The woman showed little surprise. She arched a shiny golden eyebrow. ”Parole? What means that? And what happens after?”

“I ask only your word that all your warriors will disperse and return to their homes, until after Winterfest. They may keep their weapons. I shall occupy Fairgan, but I give you my word I shall go no farther. The valley of the Linder will be the border, as it used to be.”

Shandie! The Old Man will make a doormat of your hide! Puil’stor considered, putting her head on one side like a bird. “And if we refuse your terms?”

“My orders are to butcher you.”

She rubbed her cheek with slender fingers. Ylo could not imagine her as a soldier, although common sense said she must be, and a good one. She was a looker, and under other circumstances he would have been planning an effort to advance his education in elvish matters.

“It’s tempting,” she said.

Tempting? She should have her words bronzed. It was insane generosity, that’s what it was.

“Nothing you can do can stop me taking what I want,” Shandie said. ”I dislike unnecessary bloodshed, that’s all.”

“I suspect you have more scruples than you admit, Highness. You are a fine soldier. You outmaneuvered me splendidly. We elves always assume that imps are unimaginative. It is often our downfall.”

“We frequently underrate the tenacity of elves.”
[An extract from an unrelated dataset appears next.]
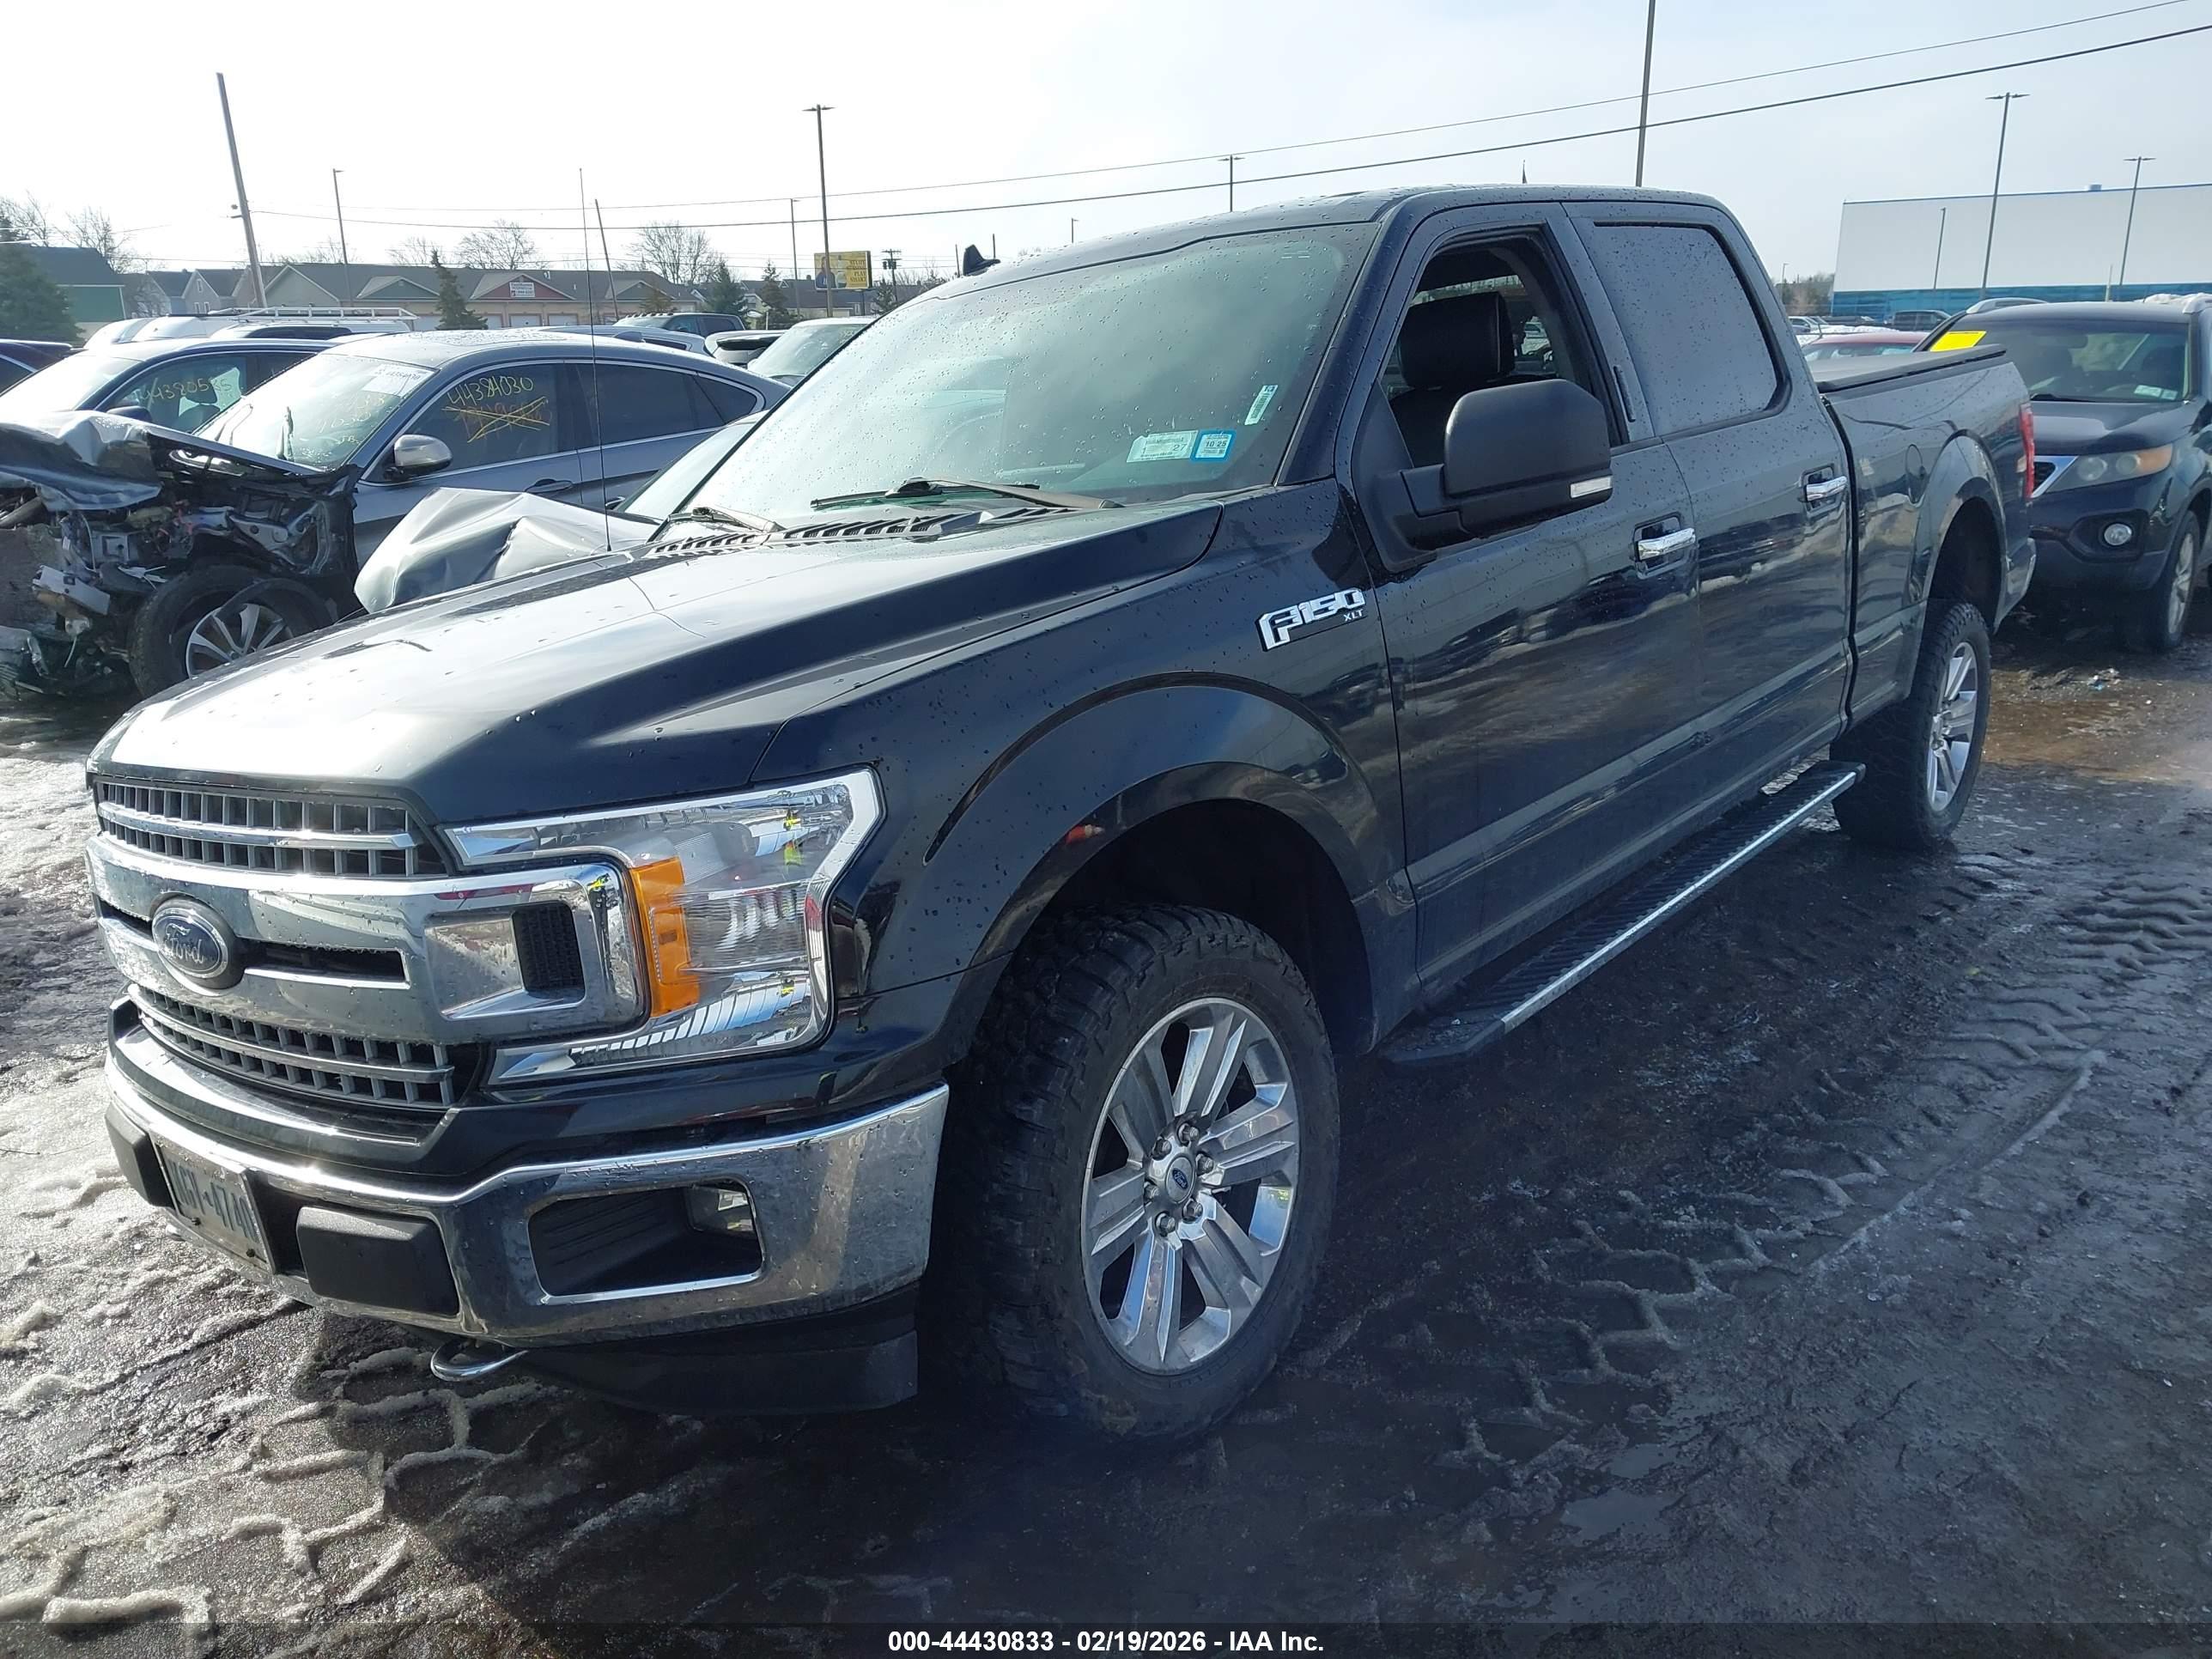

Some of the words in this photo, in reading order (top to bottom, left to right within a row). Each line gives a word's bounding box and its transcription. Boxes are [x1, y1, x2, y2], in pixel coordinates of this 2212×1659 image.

[447, 375, 533, 405] 44384030
[1172, 443, 1188, 452] 27
[1343, 608, 1364, 622] XLT
[163, 922, 206, 964] Ford
“Of course the warden of the east has revealed all our secrets to you? ”

Shandie hesitated. “Of course.”

The sirdar smiled ruefully. Ylo wondered what Warlock Olybino was thinking of this parley. He enjoyed bloodshed, that one, as long as “his” legions won in the end. He had appeared at least three times in Shandie’s tent on this campaign and perhaps at other times, also, when Ylo had not been present.

Shandie was a superlative leader of men because he could inspire loyalty. Ylo knew that better than any. But Ylo knew also what perhaps no one else did—that the prince’s reputation as a military genius rested entirely on the occult help he received from the warden of the east. Without Olybino, he would be only another legate.

So what was the warlock thinking of this meeting?